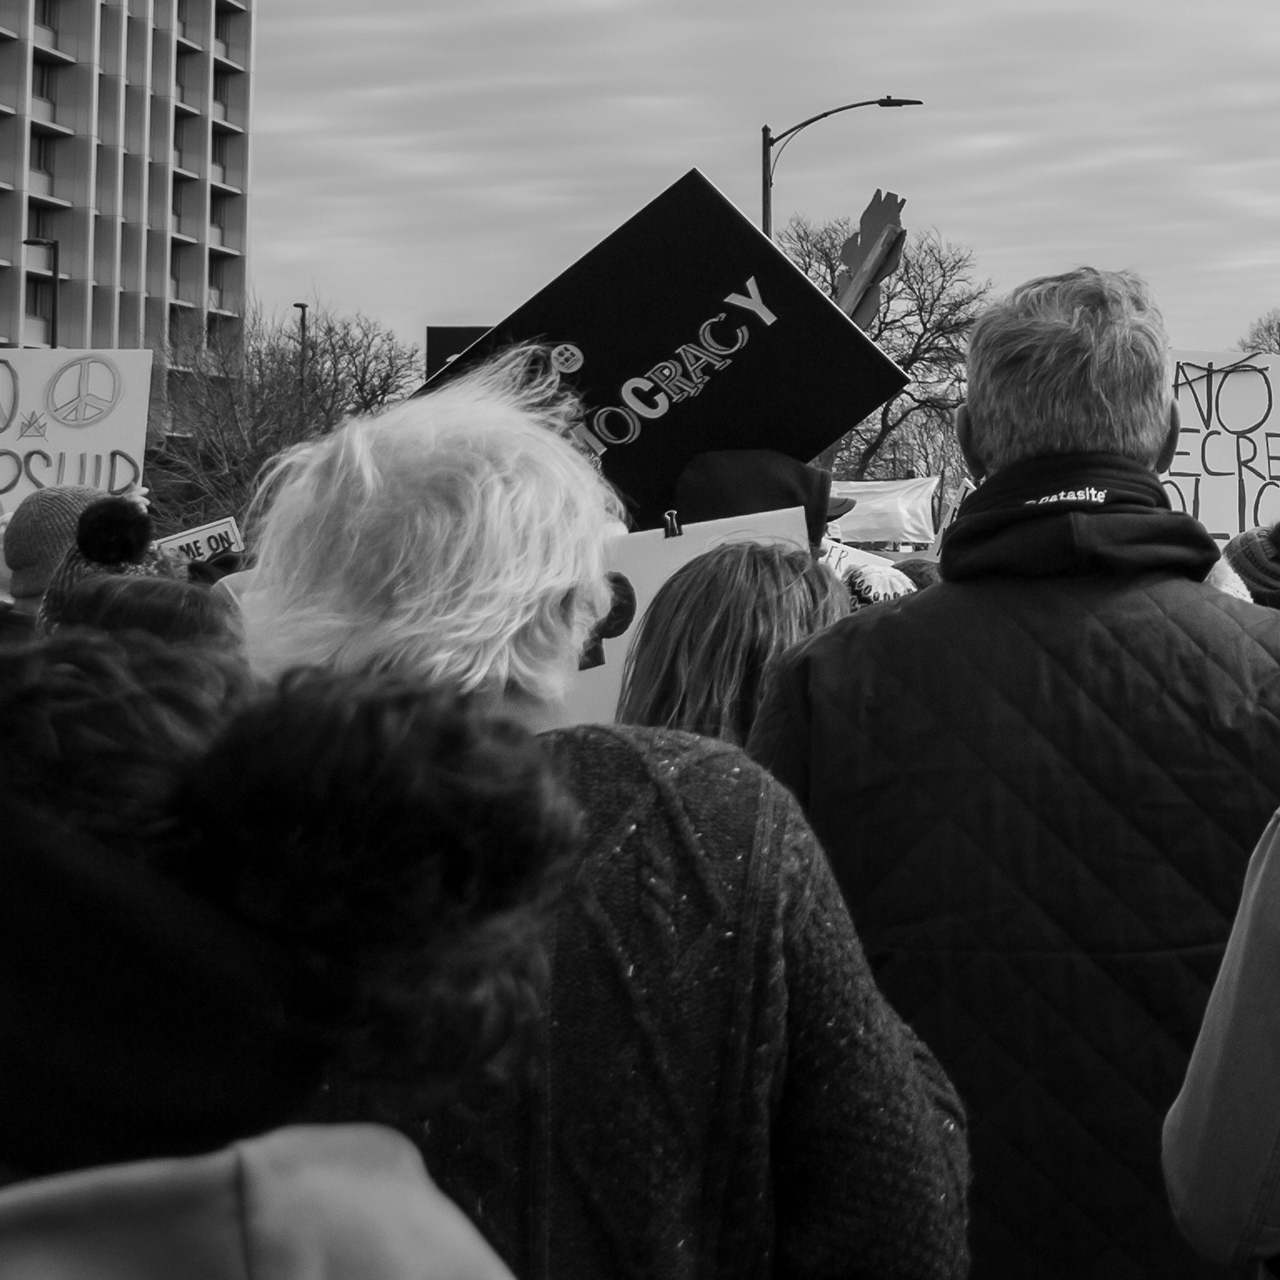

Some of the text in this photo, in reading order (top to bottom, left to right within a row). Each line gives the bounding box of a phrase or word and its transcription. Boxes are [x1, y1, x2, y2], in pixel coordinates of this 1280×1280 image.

[570, 275, 778, 456] OCRACY
[1174, 361, 1273, 436] NO
[207, 530, 232, 552] ON
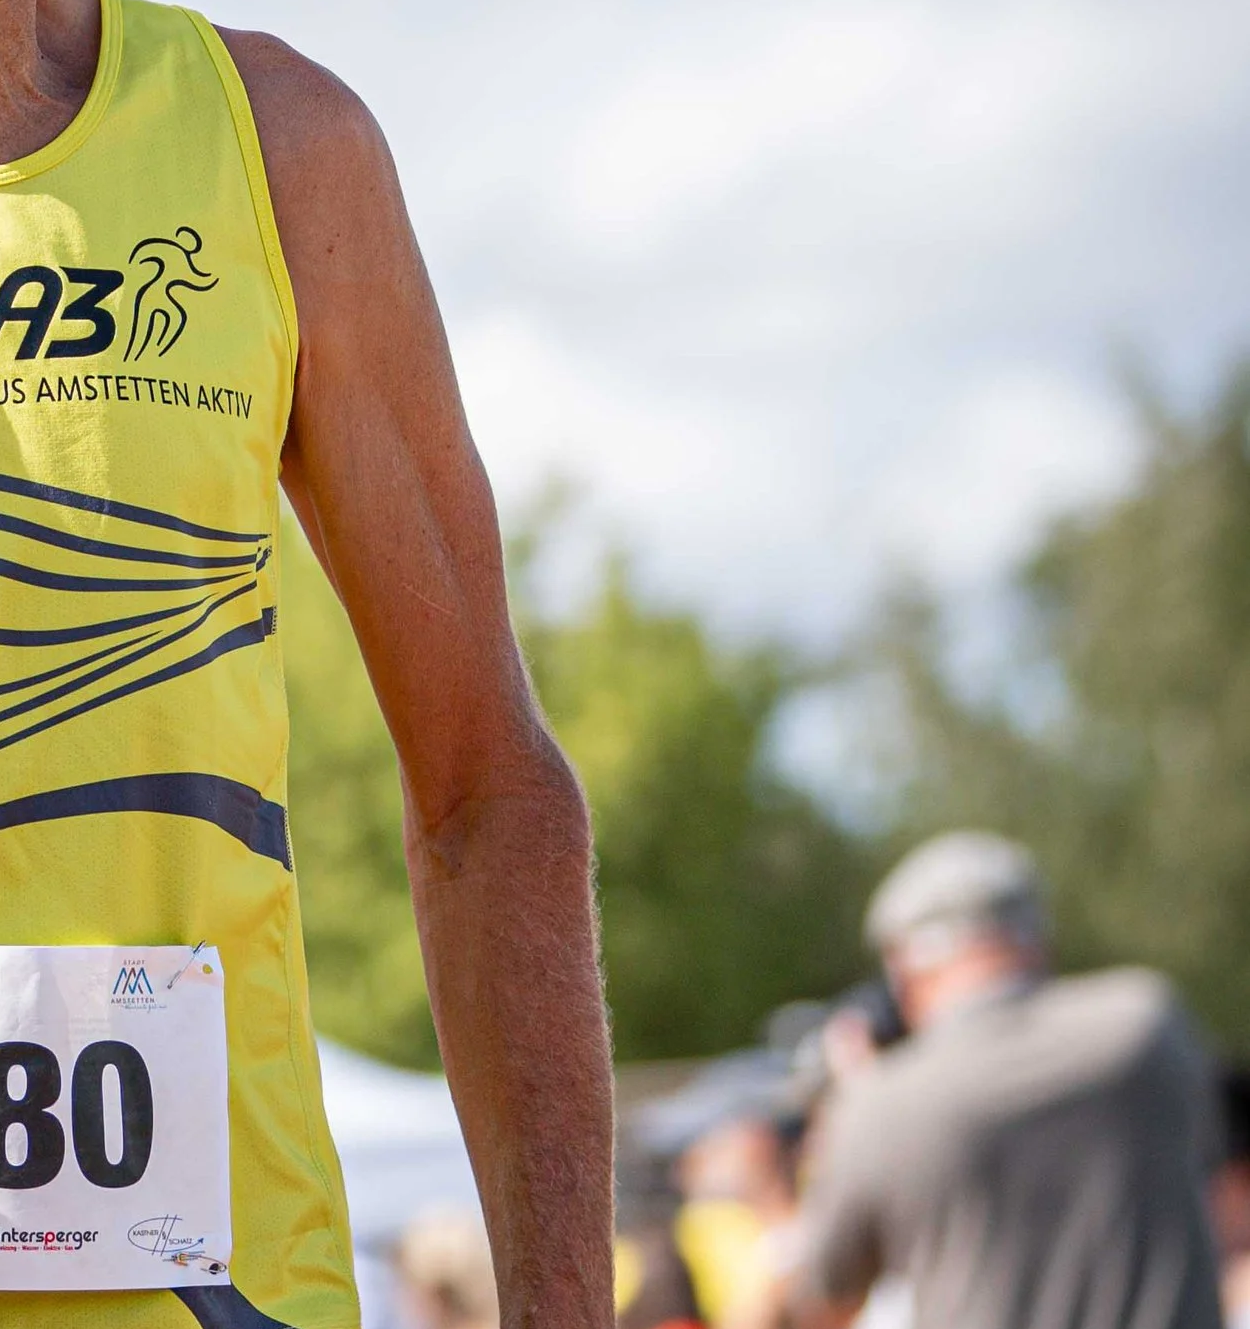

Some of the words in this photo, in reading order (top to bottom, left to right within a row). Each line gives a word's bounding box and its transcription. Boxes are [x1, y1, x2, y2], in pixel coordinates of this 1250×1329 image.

[36, 374, 190, 408] AMSTETTEN
[197, 384, 252, 420] AKTIV
[110, 997, 155, 1005] AMSTETTEN

**YOUR INSTRUCTIONS**
Without the pictures, print the records in full, exactly as they appear.

**RESULT**
Some of the text in this photo, in reading order (top to bottom, left to right within a row). Each line gives the bounding box of a phrase or word and its transcription. Boxes are [x1, y1, x2, y2], in pixel coordinates of this 1280×1280 image.

[570, 275, 778, 456] OCRACY
[1174, 361, 1273, 436] NO
[207, 530, 232, 552] ON

Some of the words in this photo, in reading order (top to bottom, left to right within a row). Each line gives a word's bounding box and its transcription. Boxes are [x1, y1, x2, y2], in pixel coordinates of this 1250×1329 image.

[36, 374, 190, 408] AMSTETTEN
[197, 384, 252, 420] AKTIV
[110, 997, 155, 1005] AMSTETTEN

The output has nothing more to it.